§ **Work to complete**
Transcribe the entire listing, keeping each word as it is.

§ **Supplied records**

===============

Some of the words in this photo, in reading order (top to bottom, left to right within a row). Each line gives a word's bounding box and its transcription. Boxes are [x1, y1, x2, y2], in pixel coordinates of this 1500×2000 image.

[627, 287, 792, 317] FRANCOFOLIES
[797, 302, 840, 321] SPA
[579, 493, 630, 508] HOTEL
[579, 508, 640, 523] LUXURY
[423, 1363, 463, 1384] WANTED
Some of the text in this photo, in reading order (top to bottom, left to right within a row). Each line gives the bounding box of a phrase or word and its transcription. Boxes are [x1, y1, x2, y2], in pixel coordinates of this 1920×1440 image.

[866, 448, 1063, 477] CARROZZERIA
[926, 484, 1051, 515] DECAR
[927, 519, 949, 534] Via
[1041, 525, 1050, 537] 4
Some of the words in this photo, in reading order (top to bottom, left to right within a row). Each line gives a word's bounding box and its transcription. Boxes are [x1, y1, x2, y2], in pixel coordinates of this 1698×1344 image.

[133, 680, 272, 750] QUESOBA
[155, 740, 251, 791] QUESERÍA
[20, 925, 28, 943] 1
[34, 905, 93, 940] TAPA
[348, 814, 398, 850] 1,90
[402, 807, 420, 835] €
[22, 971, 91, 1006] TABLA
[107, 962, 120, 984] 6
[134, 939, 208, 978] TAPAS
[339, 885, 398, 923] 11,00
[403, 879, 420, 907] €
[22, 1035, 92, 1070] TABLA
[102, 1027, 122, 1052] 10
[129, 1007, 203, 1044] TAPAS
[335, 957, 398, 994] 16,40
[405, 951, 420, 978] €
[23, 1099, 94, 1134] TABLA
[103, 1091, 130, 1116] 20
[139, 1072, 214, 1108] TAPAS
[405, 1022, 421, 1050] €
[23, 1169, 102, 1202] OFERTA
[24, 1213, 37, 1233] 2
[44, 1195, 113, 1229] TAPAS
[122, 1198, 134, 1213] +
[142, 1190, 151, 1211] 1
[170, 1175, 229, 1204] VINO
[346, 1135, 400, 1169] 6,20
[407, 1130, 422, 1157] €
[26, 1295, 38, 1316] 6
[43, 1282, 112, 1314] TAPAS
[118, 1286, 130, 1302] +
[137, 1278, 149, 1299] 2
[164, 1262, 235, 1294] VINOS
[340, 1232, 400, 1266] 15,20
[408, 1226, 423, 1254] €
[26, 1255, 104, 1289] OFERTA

===============

§ **Response below**
Some of the words in this photo, in reading order (top to bottom, left to right within a row). Each line gives a word's bounding box and its transcription. Boxes are [x1, y1, x2, y2], in pixel coordinates of this 1500×2000 image.

[627, 287, 792, 317] FRANCOFOLIES
[797, 302, 840, 321] SPA
[579, 493, 630, 508] HOTEL
[579, 508, 640, 523] LUXURY
[423, 1363, 463, 1384] WANTED
Some of the text in this photo, in reading order (top to bottom, left to right within a row). Each line gives the bounding box of a phrase or word and its transcription. Boxes are [x1, y1, x2, y2], in pixel coordinates of this 1920×1440 image.

[866, 448, 1063, 477] CARROZZERIA
[926, 484, 1051, 515] DECAR
[927, 519, 949, 534] Via
[1041, 525, 1050, 537] 4
Some of the words in this photo, in reading order (top to bottom, left to right within a row). Each line gives a word's bounding box and its transcription. Boxes are [x1, y1, x2, y2], in pixel coordinates of this 1698×1344 image.

[133, 680, 272, 750] QUESOBA
[155, 740, 251, 791] QUESERÍA
[20, 925, 28, 943] 1
[34, 905, 93, 940] TAPA
[348, 814, 398, 850] 1,90
[402, 807, 420, 835] €
[22, 971, 91, 1006] TABLA
[107, 962, 120, 984] 6
[134, 939, 208, 978] TAPAS
[339, 885, 398, 923] 11,00
[403, 879, 420, 907] €
[22, 1035, 92, 1070] TABLA
[102, 1027, 122, 1052] 10
[129, 1007, 203, 1044] TAPAS
[335, 957, 398, 994] 16,40
[405, 951, 420, 978] €
[23, 1099, 94, 1134] TABLA
[103, 1091, 130, 1116] 20
[139, 1072, 214, 1108] TAPAS
[405, 1022, 421, 1050] €
[23, 1169, 102, 1202] OFERTA
[24, 1213, 37, 1233] 2
[44, 1195, 113, 1229] TAPAS
[122, 1198, 134, 1213] +
[142, 1190, 151, 1211] 1
[170, 1175, 229, 1204] VINO
[346, 1135, 400, 1169] 6,20
[407, 1130, 422, 1157] €
[26, 1295, 38, 1316] 6
[43, 1282, 112, 1314] TAPAS
[118, 1286, 130, 1302] +
[137, 1278, 149, 1299] 2
[164, 1262, 235, 1294] VINOS
[340, 1232, 400, 1266] 15,20
[408, 1226, 423, 1254] €
[26, 1255, 104, 1289] OFERTA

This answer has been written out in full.